Exercise brief →
Leave the pictures out while you restate every entry below word for word.

Input for this task →
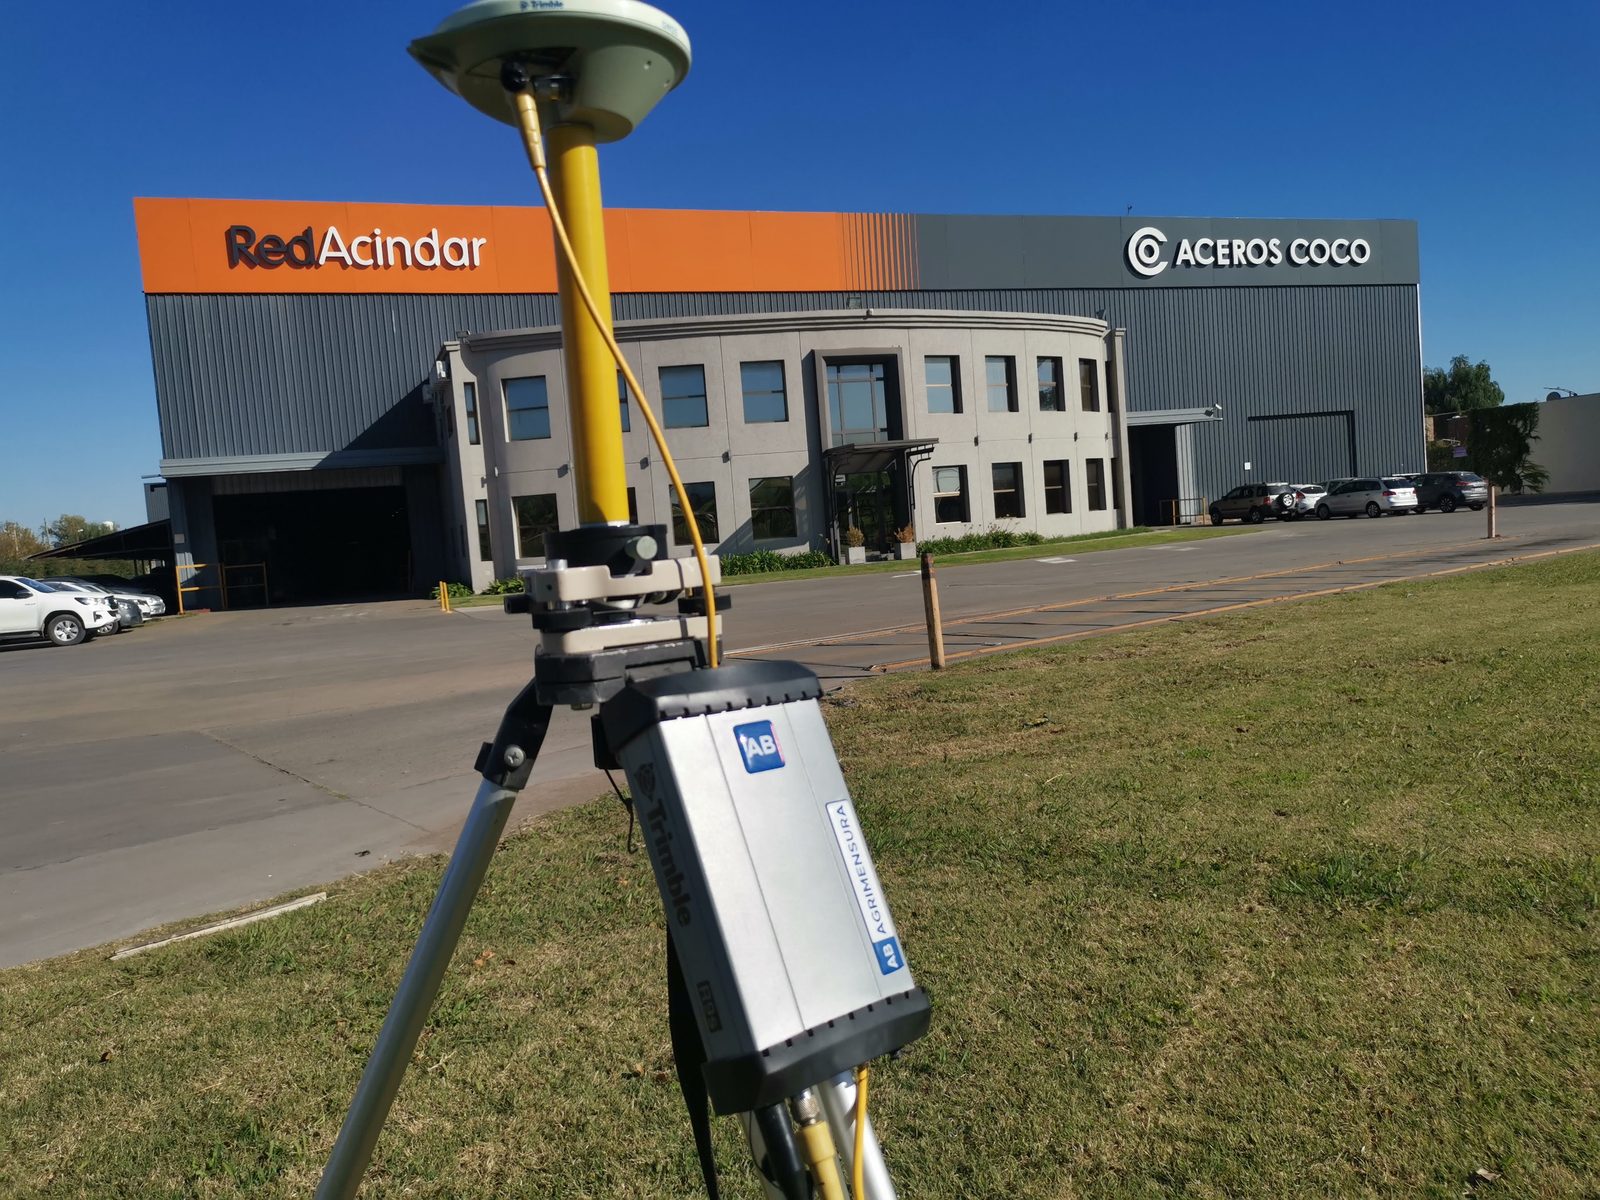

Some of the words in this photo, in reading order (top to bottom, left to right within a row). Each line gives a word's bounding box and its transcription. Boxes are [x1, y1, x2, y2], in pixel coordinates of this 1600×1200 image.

[530, 0, 564, 9] Trimble
[227, 225, 487, 268] RedAcindar
[1175, 237, 1283, 266] ACEROS
[1290, 237, 1371, 265] COCO
[645, 797, 692, 928] Trimble
[836, 804, 887, 934] AGRIMENSURA
[882, 944, 899, 969] AB
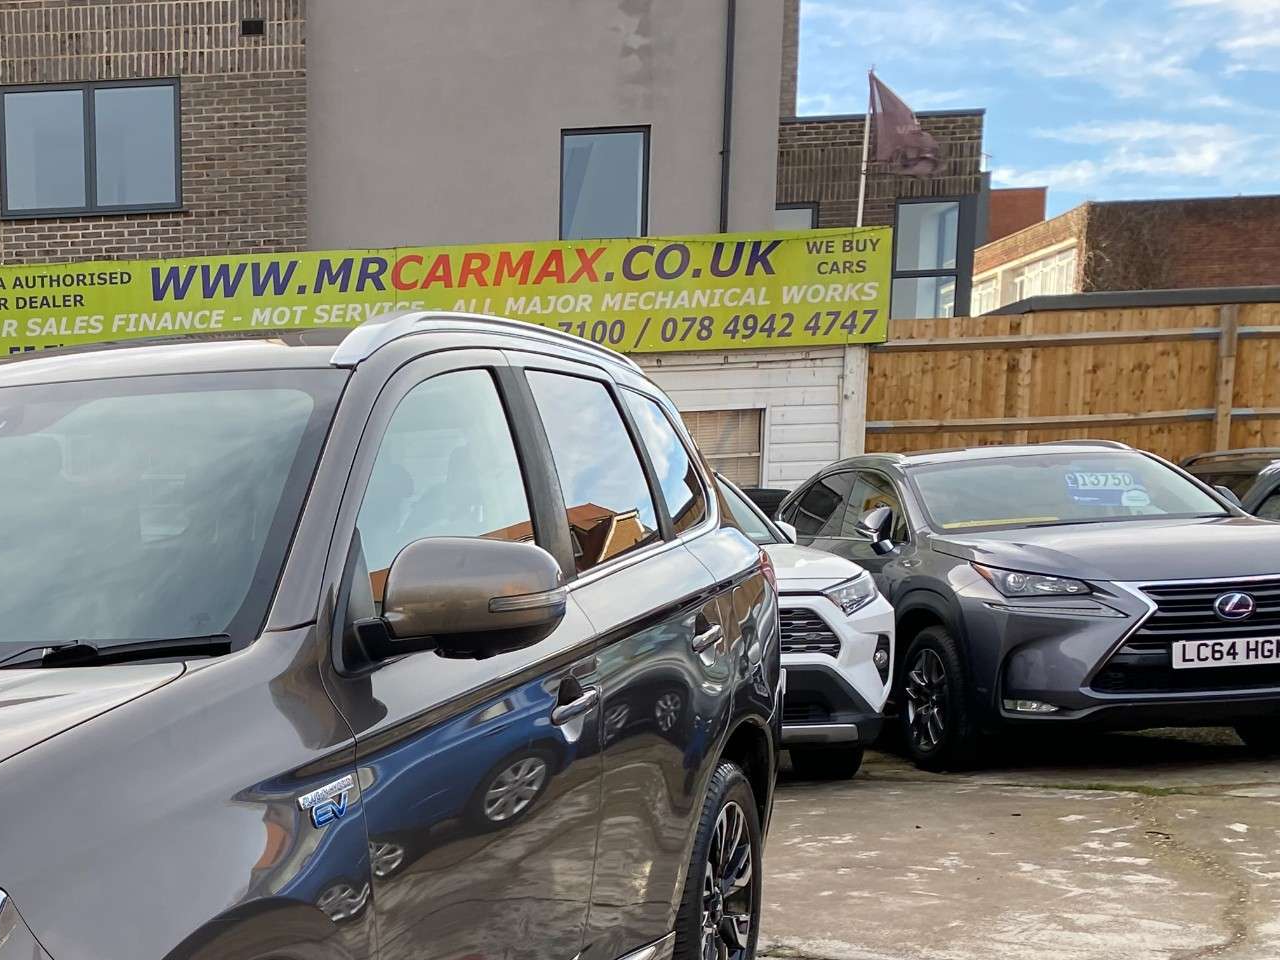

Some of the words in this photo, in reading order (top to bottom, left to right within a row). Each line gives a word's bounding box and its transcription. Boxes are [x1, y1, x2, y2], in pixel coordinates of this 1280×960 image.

[806, 240, 836, 255] WE
[840, 238, 881, 254] BUY
[151, 239, 785, 302] WWW.MRCARMAX.CO.UK
[817, 259, 867, 275] CARS
[13, 271, 133, 290] AUTHORISED
[14, 294, 86, 310] DEALER
[25, 314, 105, 337] SALES
[111, 309, 224, 333] FINANCE
[250, 307, 305, 327] MOT
[452, 297, 496, 316] ALL
[505, 293, 594, 315] MAJOR
[612, 287, 770, 313] MECHANICAL
[782, 281, 880, 305] WORKS
[659, 316, 714, 343] 078
[722, 312, 794, 341] 4942
[803, 308, 879, 337] 4747
[1181, 641, 1239, 663] LC64
[312, 790, 349, 829] EV
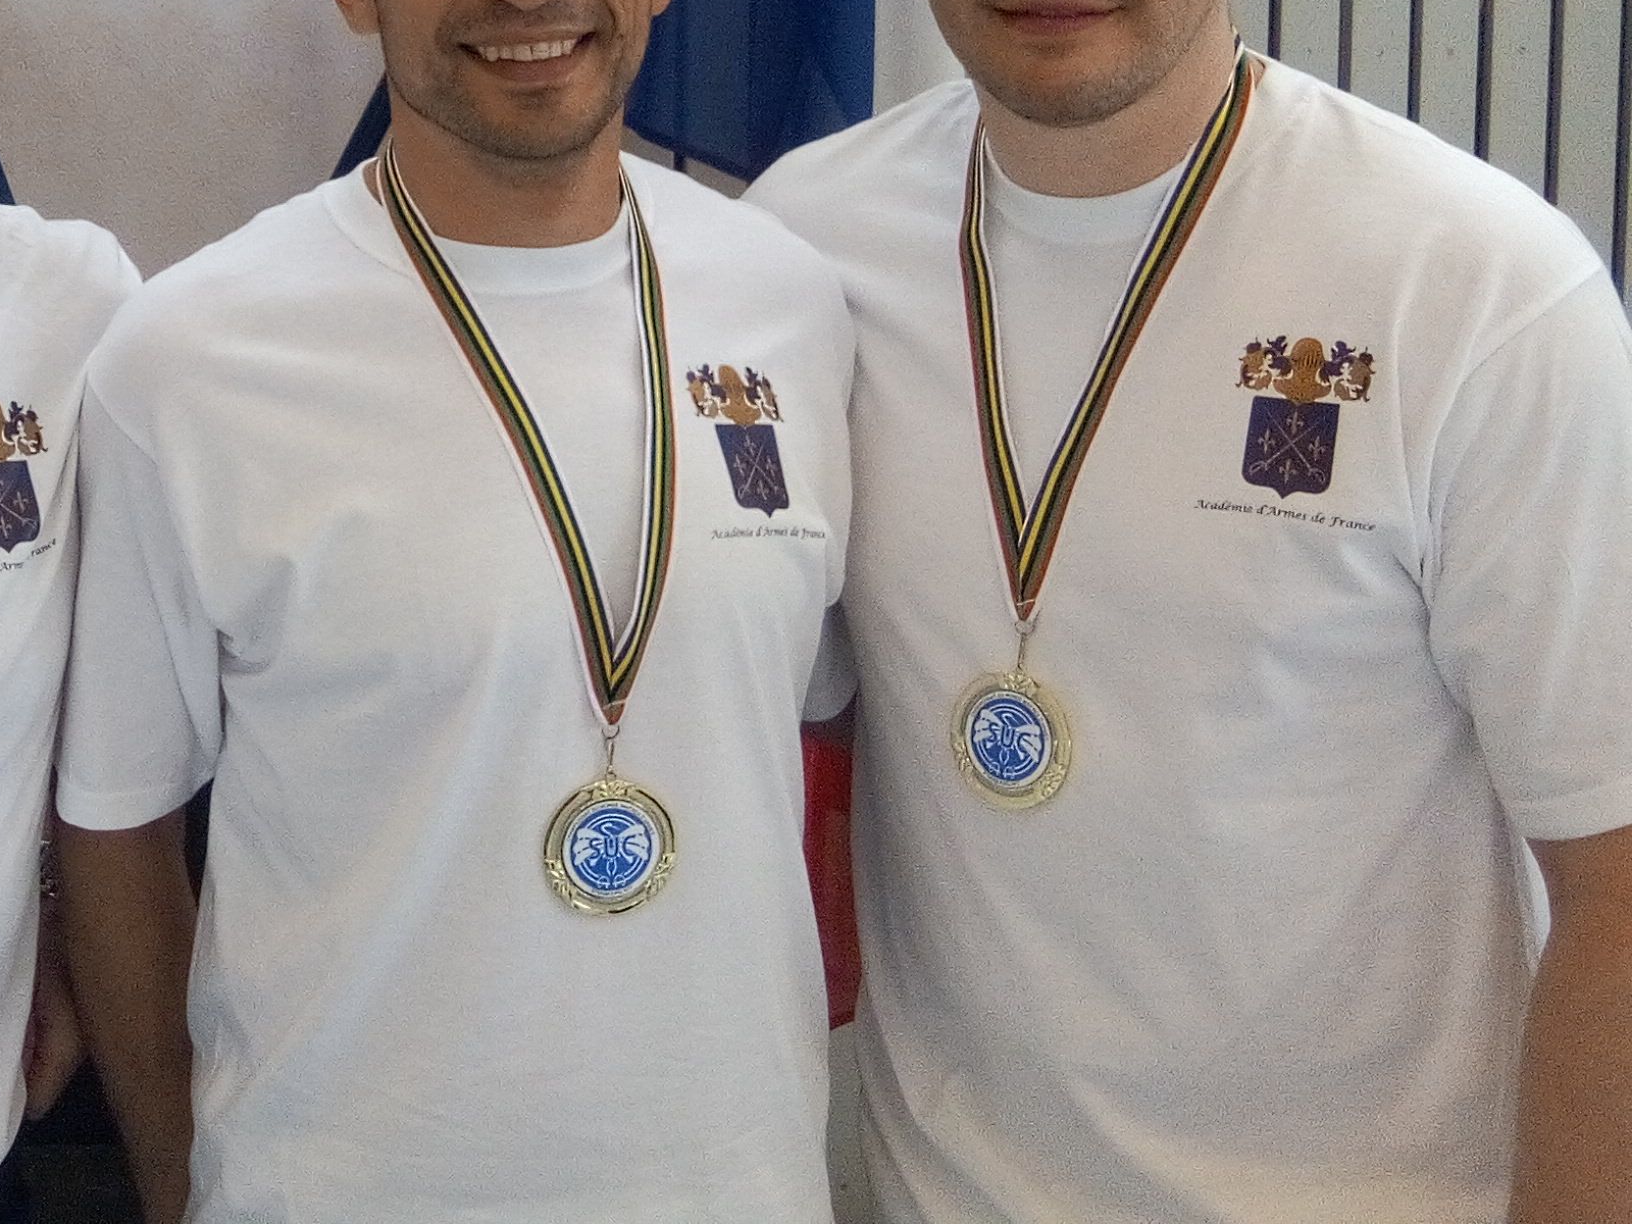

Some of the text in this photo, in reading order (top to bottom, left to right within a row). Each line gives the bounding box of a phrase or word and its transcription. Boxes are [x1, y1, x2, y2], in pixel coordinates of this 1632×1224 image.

[1256, 504, 1306, 521] d'Armes
[1311, 512, 1325, 524] de
[1328, 516, 1376, 531] France
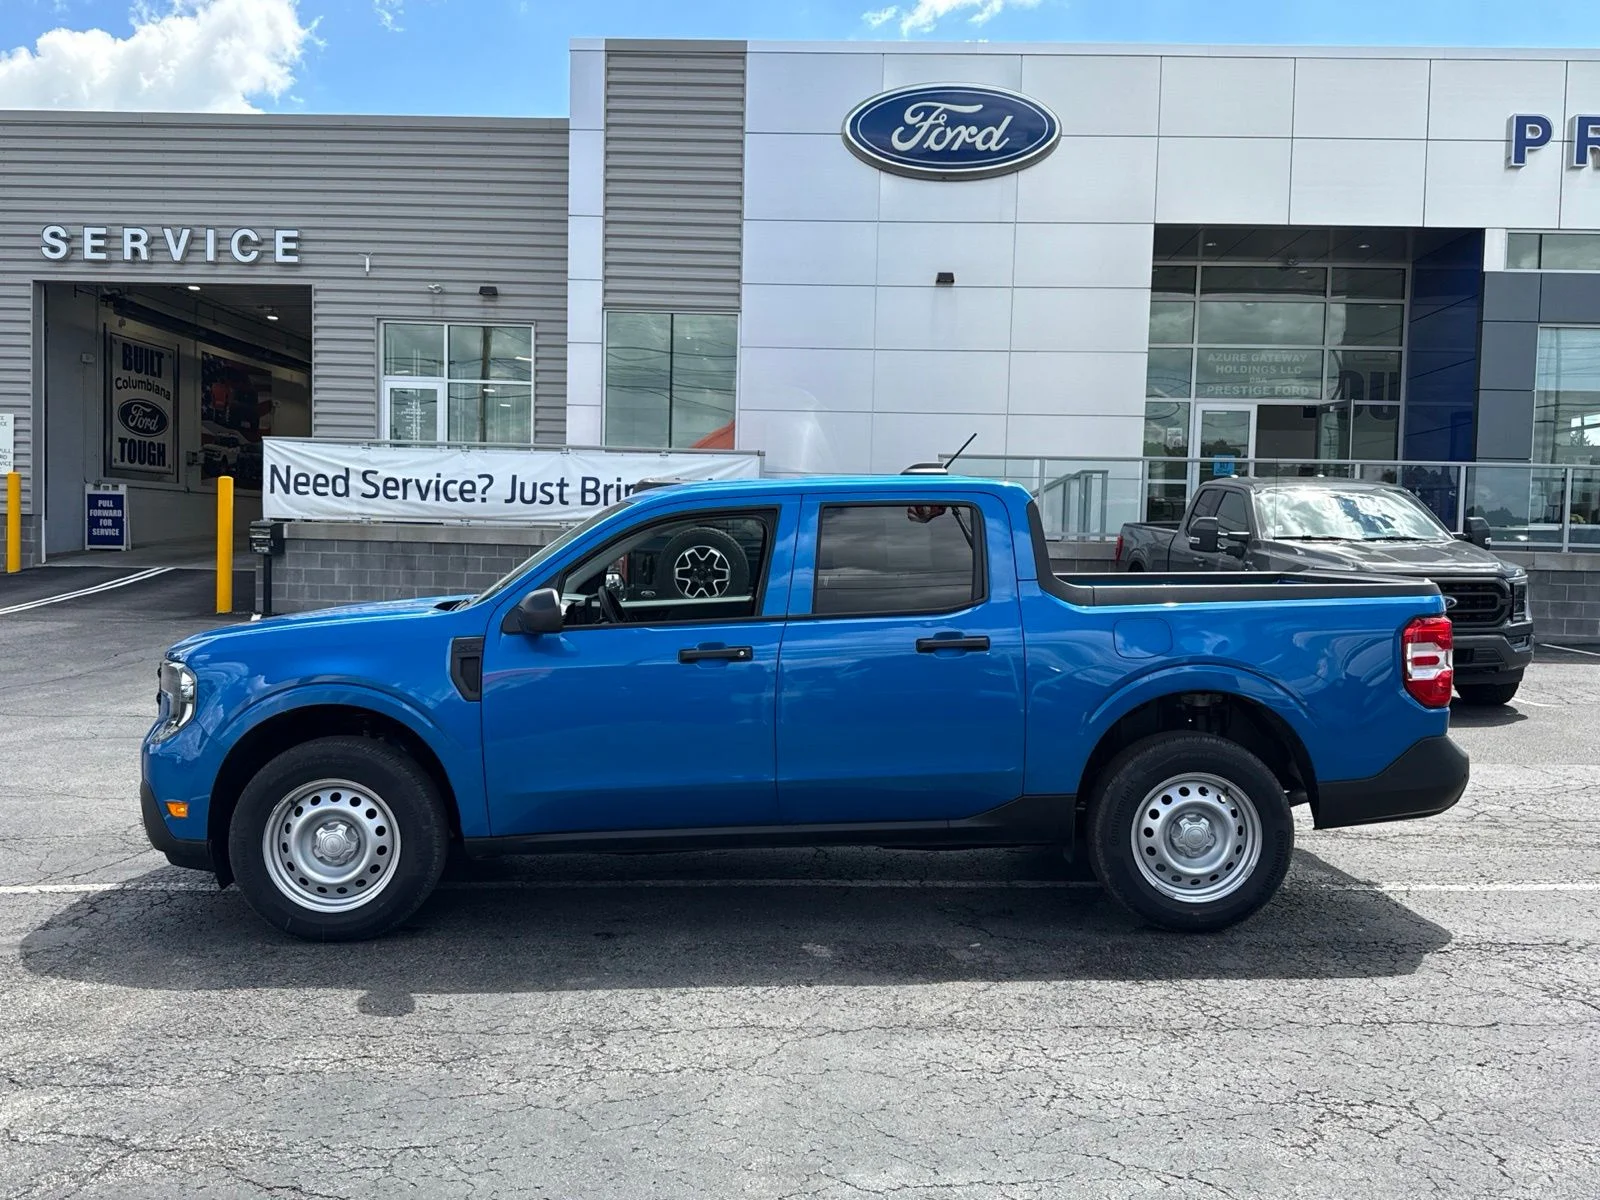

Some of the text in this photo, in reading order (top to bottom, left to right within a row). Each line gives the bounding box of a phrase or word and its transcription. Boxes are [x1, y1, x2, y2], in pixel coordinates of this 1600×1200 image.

Written reply →
Some of the words in this photo, in reading order (top to bottom, left to right within a row). Each line gives a word's bounding box and its transcription. Boxes are [x1, y1, x2, y2], in pixel coordinates of this 1600×1200 image.

[530, 0, 564, 9] Trimble
[227, 225, 487, 268] RedAcindar
[1175, 237, 1283, 266] ACEROS
[1290, 237, 1371, 265] COCO
[645, 797, 692, 928] Trimble
[836, 804, 887, 934] AGRIMENSURA
[882, 944, 899, 969] AB

Some of the words in this photo, in reading order (top to bottom, left to right within a row). Each line gives a word's bounding box and its transcription. Boxes are [x1, y1, x2, y2], in pixel coordinates of this 1280×960 image.

[806, 240, 836, 255] WE
[840, 238, 881, 254] BUY
[151, 239, 785, 302] WWW.MRCARMAX.CO.UK
[817, 259, 867, 275] CARS
[13, 271, 133, 290] AUTHORISED
[14, 294, 86, 310] DEALER
[25, 314, 105, 337] SALES
[111, 309, 224, 333] FINANCE
[250, 307, 305, 327] MOT
[452, 297, 496, 316] ALL
[505, 293, 594, 315] MAJOR
[612, 287, 770, 313] MECHANICAL
[782, 281, 880, 305] WORKS
[659, 316, 714, 343] 078
[722, 312, 794, 341] 4942
[803, 308, 879, 337] 4747
[1181, 641, 1239, 663] LC64
[312, 790, 349, 829] EV

Some of the text in this photo, in reading order (top to bottom, left to right within a row). Each line gives the bounding box of a phrase or word and its transcription. Boxes are [x1, y1, x2, y2], in pixel coordinates of this 1632×1224 image.

[1256, 504, 1306, 521] d'Armes
[1311, 512, 1325, 524] de
[1328, 516, 1376, 531] France

Some of the text in this photo, in reading order (top to bottom, left to right within a row). Each line gives the bounding box of a phrase or word and its transcription. Boxes are [x1, y1, x2, y2], in pixel coordinates of this 1600×1200 image.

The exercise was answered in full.